Le côté sombre de l’IA générative : sommes-nous prêts à affronter cette menace ?

Technologie Société

L’explosion récente d’outils exploitant l’IA générative a engendré des vagues d’activité dans toute l’économie, y compris dans ses recoins les plus sombres. Kamizono Masaki, spécialiste en cybersécurité, observe avec nous la part d’ombre de cette nouvelle technologie et ce qui peut être fait pour freiner ses mauvaises influences potentielles sur notre société.

Le Dark Web

En novembre 2022, la sortie de Chat GPT (un chatbot d’IA générative) a inauguré ce que l’on appelle désormais « la quatrième génération d’intelligence artificielle ». En permettant même à ceux qui n’ont pas de connaissance en programmation informatique d’obtenir des informations et de créer des rapports facilement en utilisant une interface de dialogue avec une IA générative, Chat GPT est rapidement devenu partie intégrante des secteurs de l’éducation et des affaires.

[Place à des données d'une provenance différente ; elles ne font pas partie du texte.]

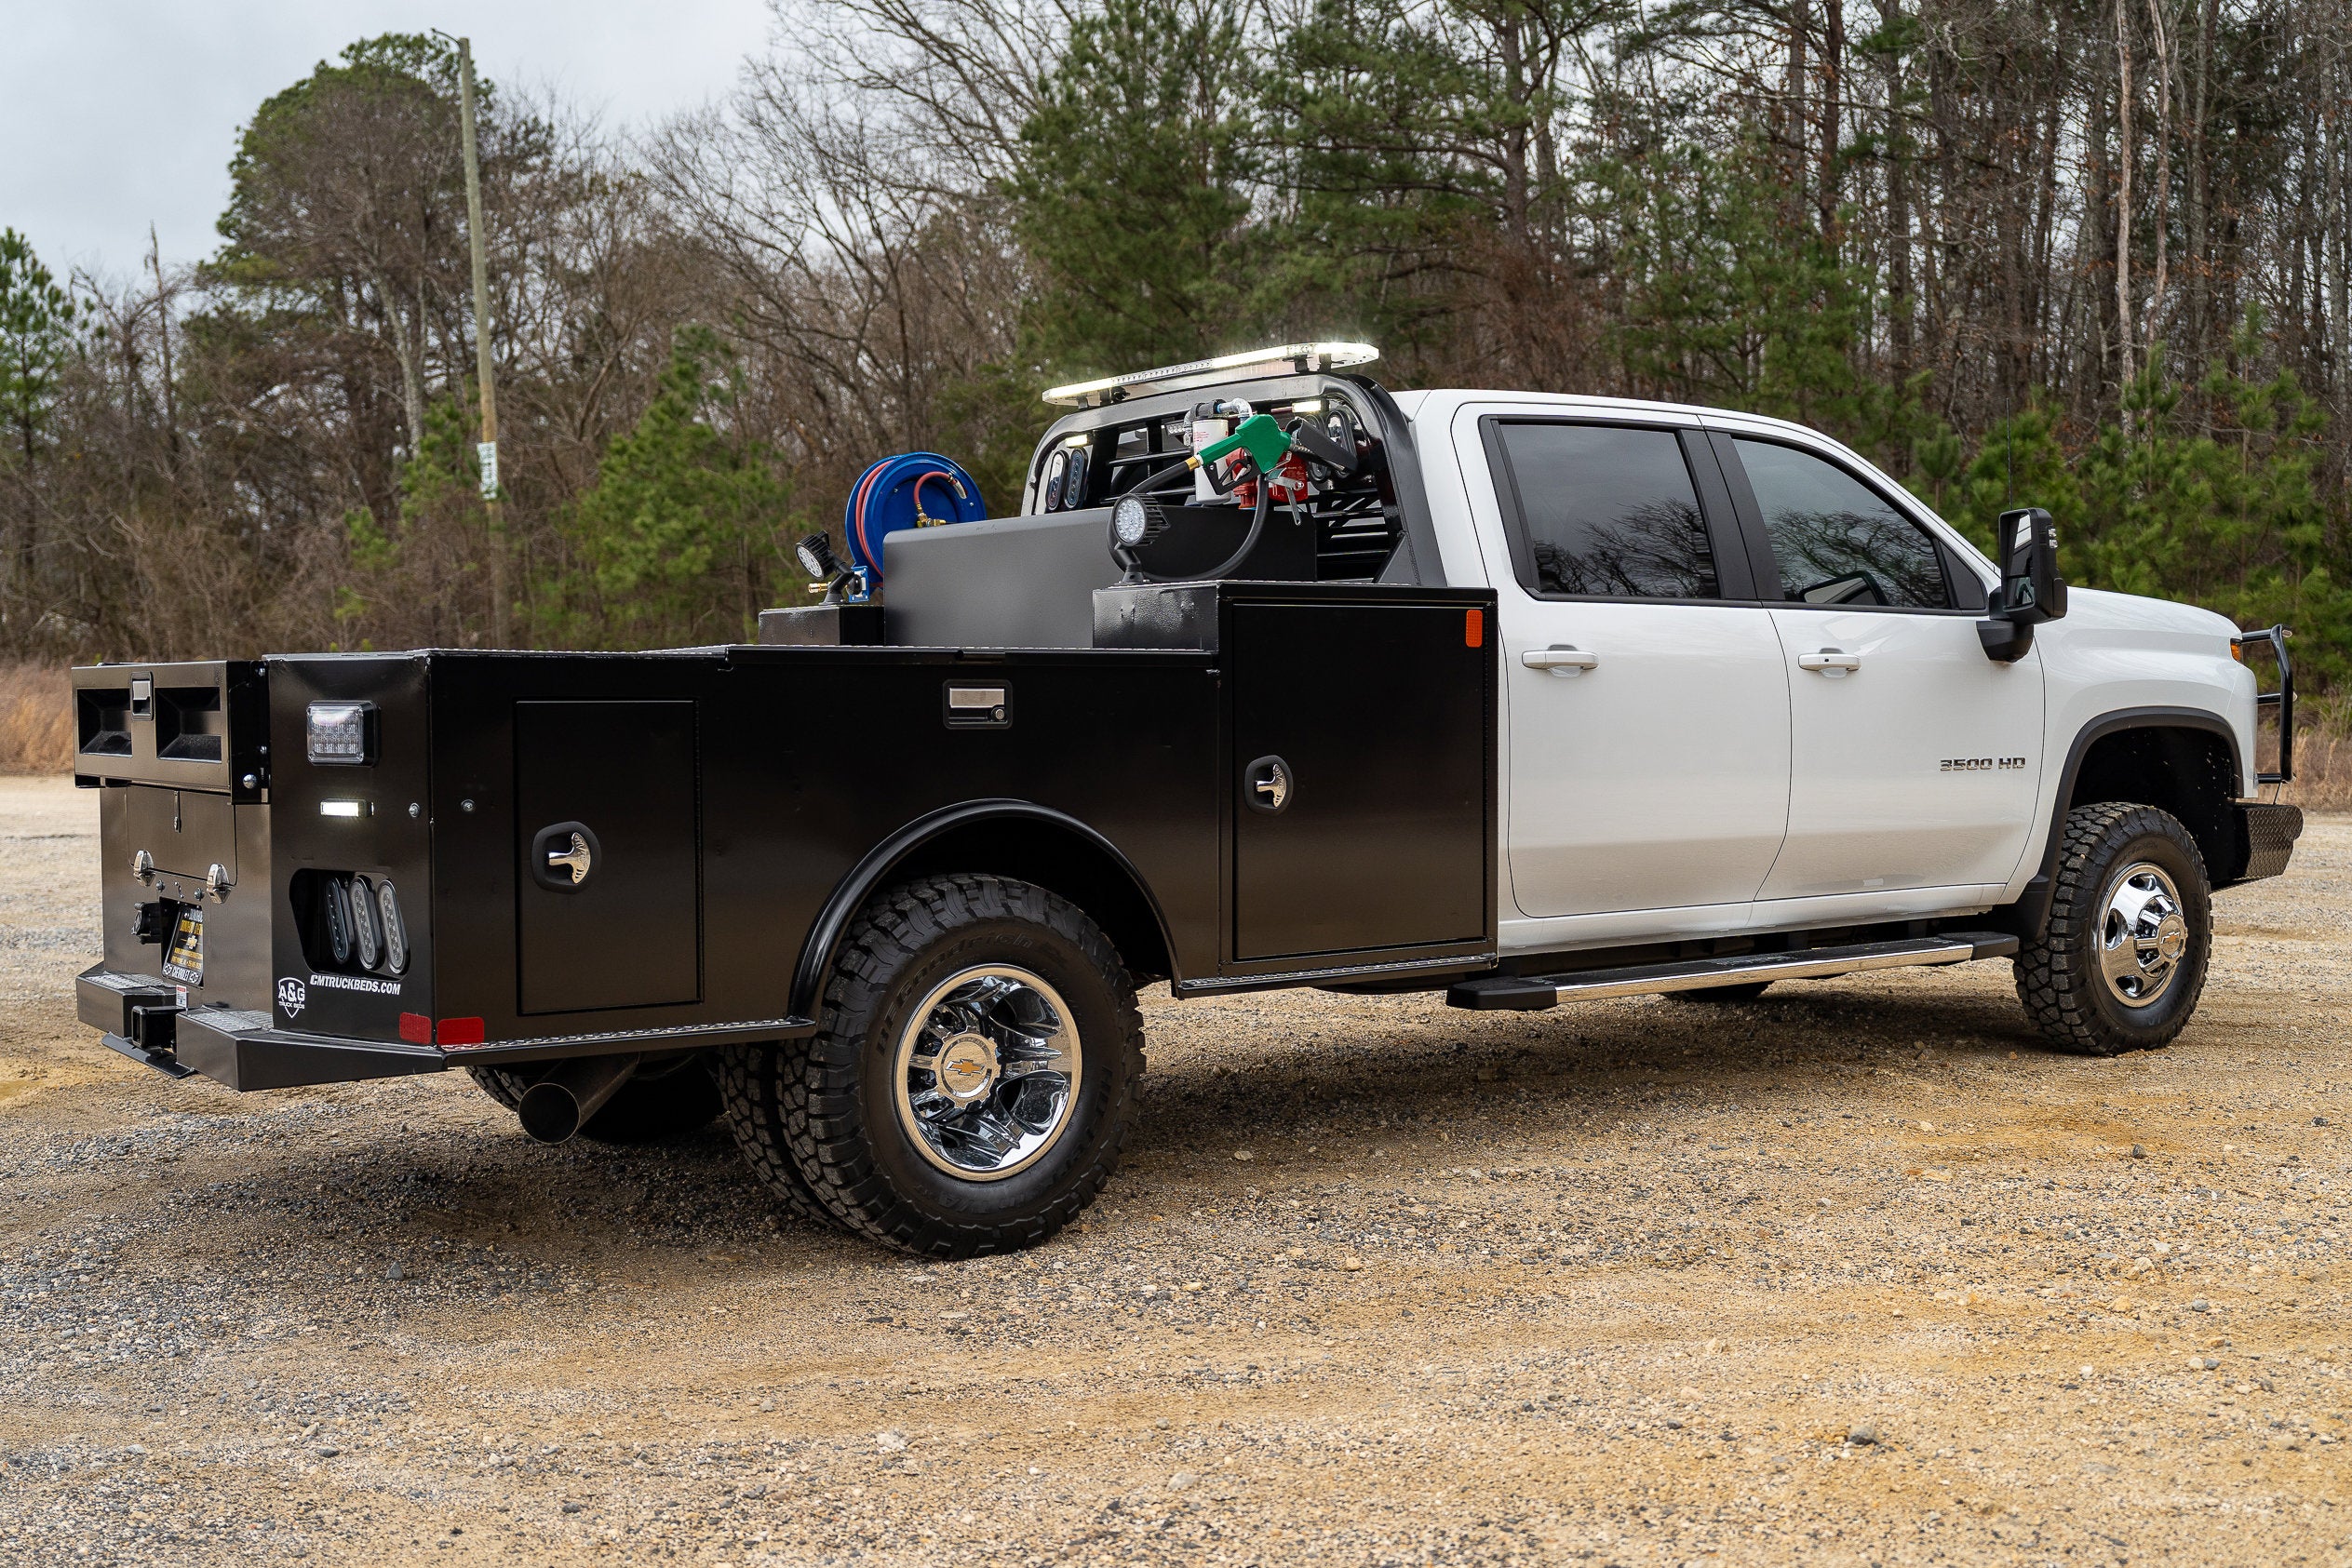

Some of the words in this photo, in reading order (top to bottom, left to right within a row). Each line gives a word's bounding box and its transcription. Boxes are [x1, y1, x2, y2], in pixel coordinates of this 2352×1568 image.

[1940, 758, 1993, 771] 3500
[1998, 757, 2026, 770] HD
[278, 982, 305, 1002] A&G
[309, 974, 401, 996] CMTRUCKBEDS.COM
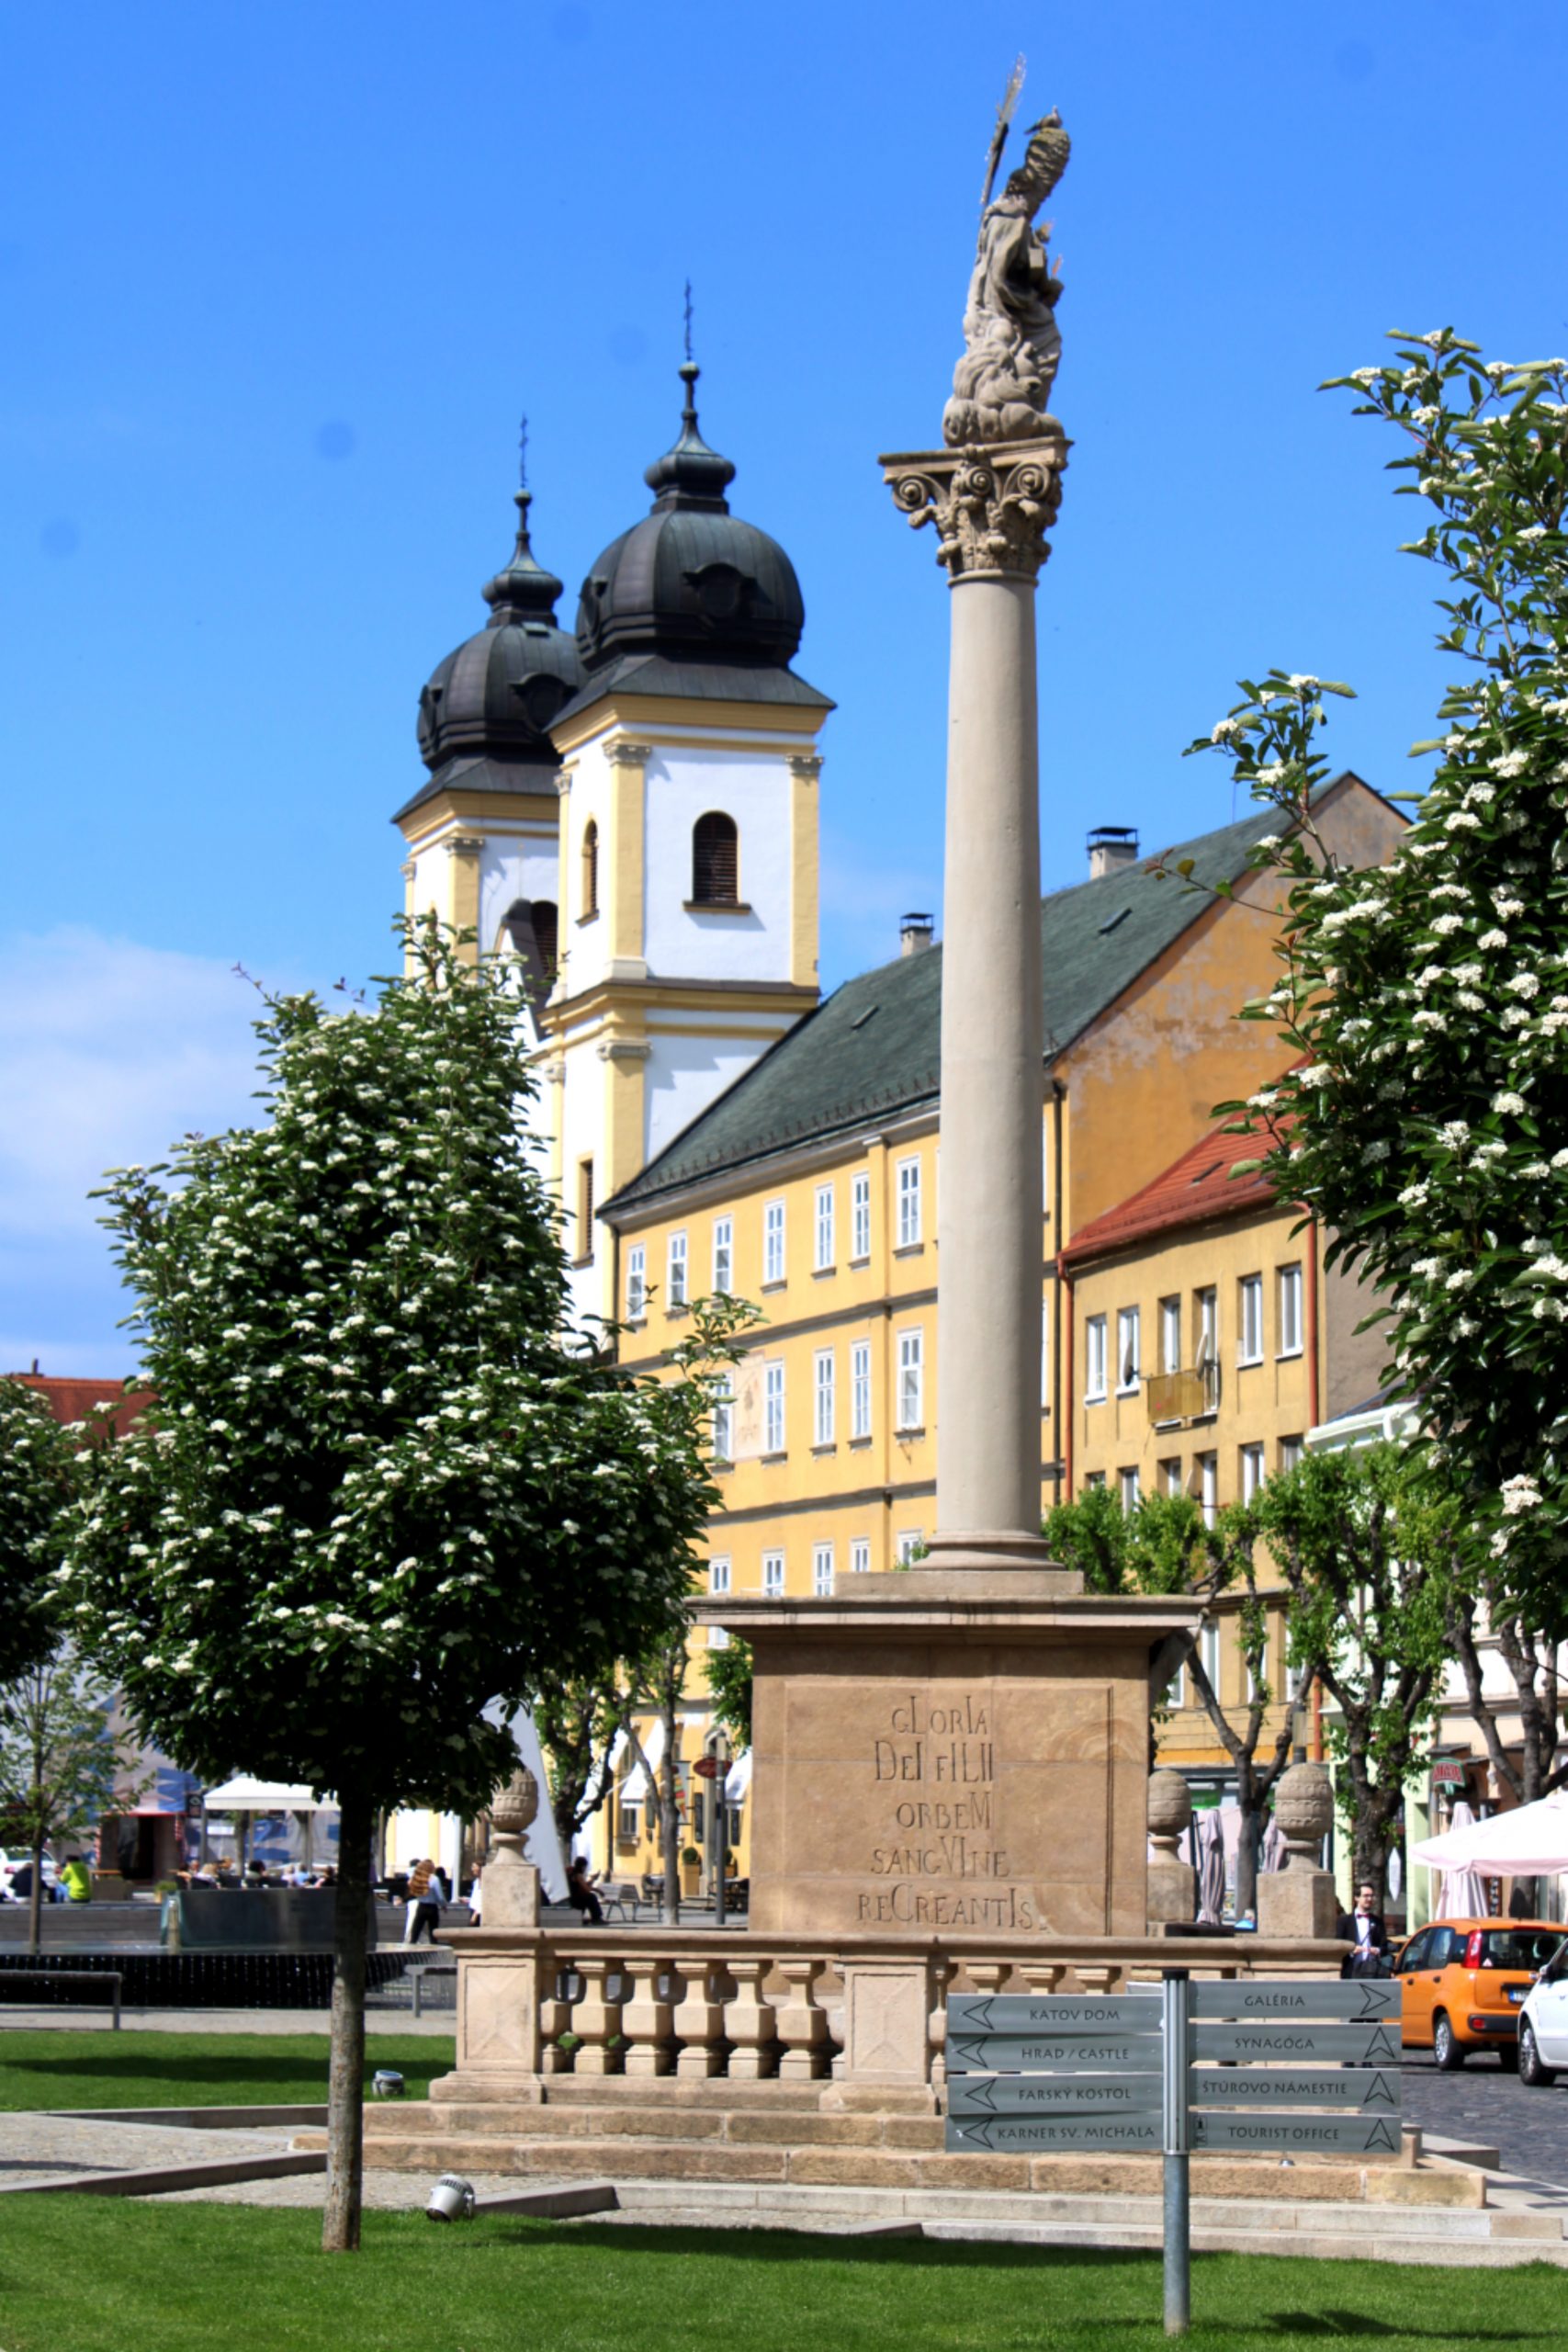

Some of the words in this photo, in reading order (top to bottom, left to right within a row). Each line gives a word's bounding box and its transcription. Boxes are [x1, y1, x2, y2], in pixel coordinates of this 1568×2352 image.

[1245, 1994, 1305, 2007] GALÉRIA
[1030, 2009, 1079, 2020] KATOV
[1085, 2009, 1120, 2020] DOM
[1235, 2037, 1314, 2050] SYNAGÓGA
[1022, 2048, 1063, 2059] HRAD
[1078, 2048, 1129, 2060] CASTLE
[1019, 2087, 1071, 2100] FARSKÝ
[1077, 2088, 1131, 2100] KOSTOL
[1202, 2080, 1270, 2094] ŠTÚROVO
[1274, 2081, 1347, 2094] NÁMESTIE
[998, 2127, 1055, 2139] KARNER
[1061, 2127, 1081, 2139] SV.
[1085, 2126, 1155, 2139] MICHALA
[1227, 2126, 1290, 2139] TOURIST
[1292, 2128, 1339, 2140] OFFICE

Cependant, des gains en efficacité offerts par l’IA générative, les activités frauduleuses et criminelles en bénéficient également... C’est souvent le cas pour les contenus du dark web, auquel on ne peut accéder qu’en utilisant des systèmes et des logiciels spécifiquement configurés pour permettre des interactions en ligne avec un haut degré d’anonymat.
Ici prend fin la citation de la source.